In the data below, reproduce everything exactly except the images.

*** Opening of Data extracts ***

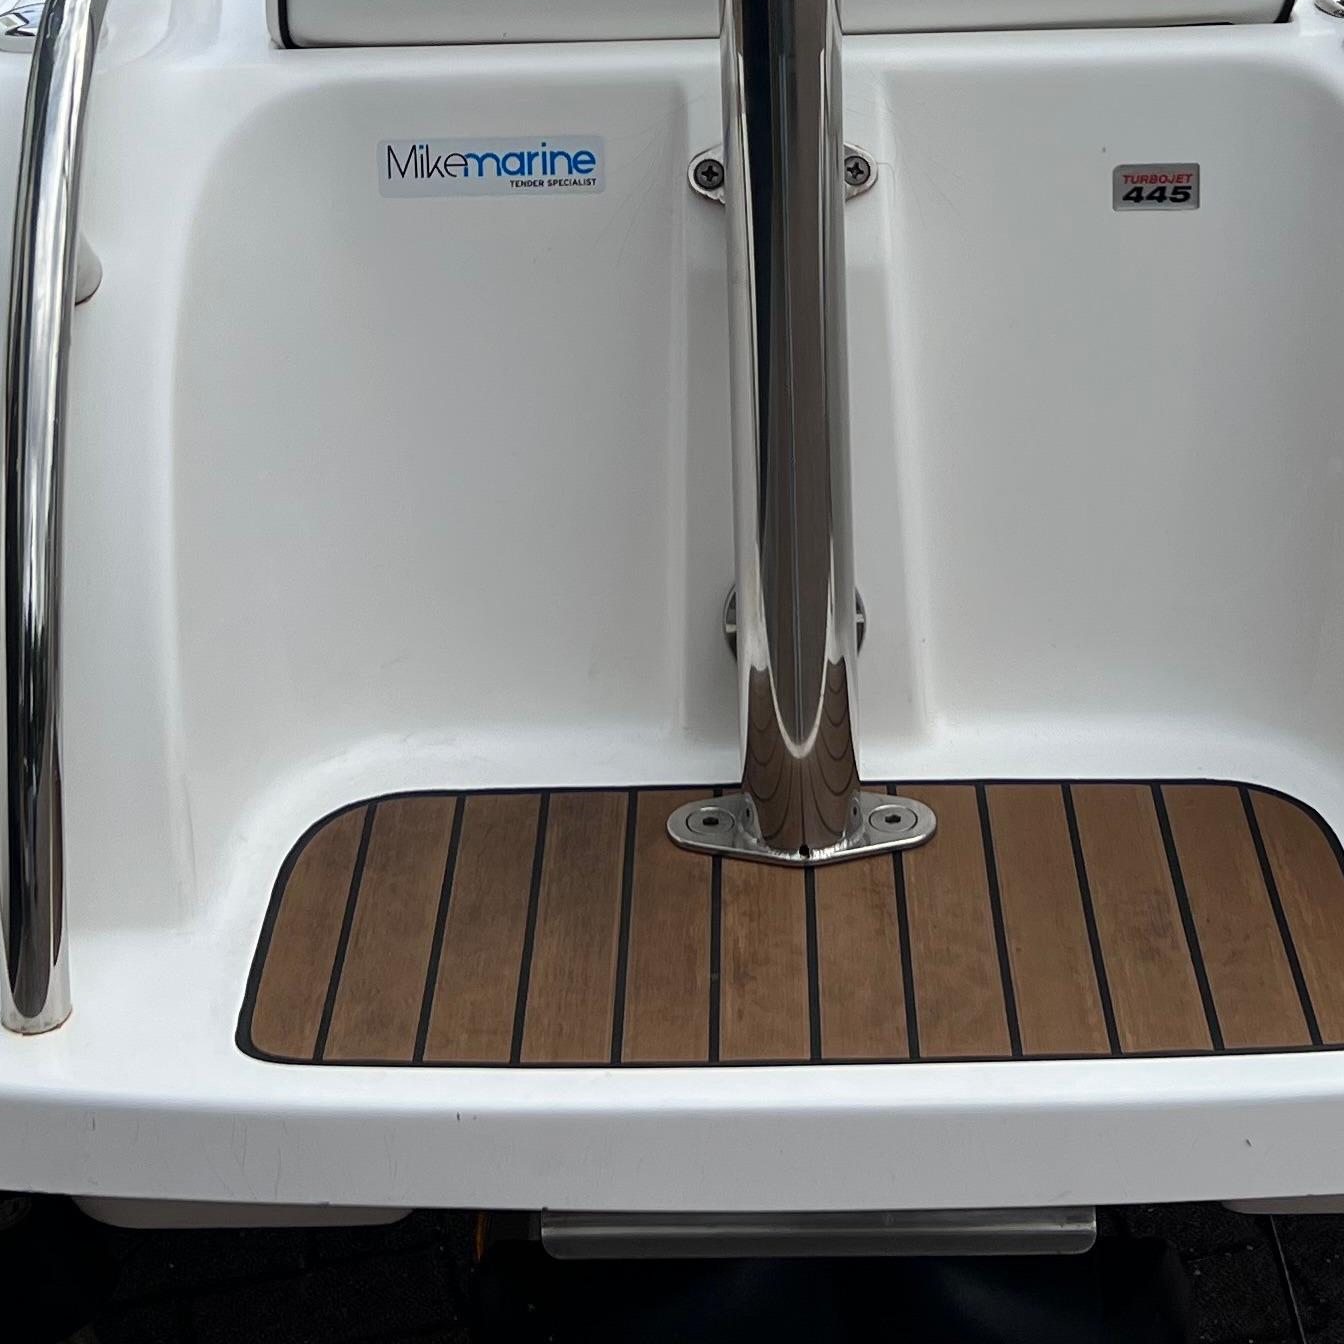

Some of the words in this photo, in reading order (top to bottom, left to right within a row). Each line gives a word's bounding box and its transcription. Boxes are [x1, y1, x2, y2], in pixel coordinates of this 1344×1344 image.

[387, 142, 596, 179] Mikemarine
[510, 179, 544, 188] TENDER
[547, 178, 597, 187] SPECIALIST
[1122, 173, 1193, 184] TURBOJET
[1122, 185, 1192, 203] 445

*** Close of Data extracts ***

Task response ::
Some of the words in this photo, in reading order (top to bottom, left to right within a row). Each line gives a word's bounding box and its transcription. Boxes are [x1, y1, x2, y2], in pixel coordinates of this 1344×1344 image.

[387, 142, 596, 179] Mikemarine
[510, 179, 544, 188] TENDER
[547, 178, 597, 187] SPECIALIST
[1122, 173, 1193, 184] TURBOJET
[1122, 185, 1192, 203] 445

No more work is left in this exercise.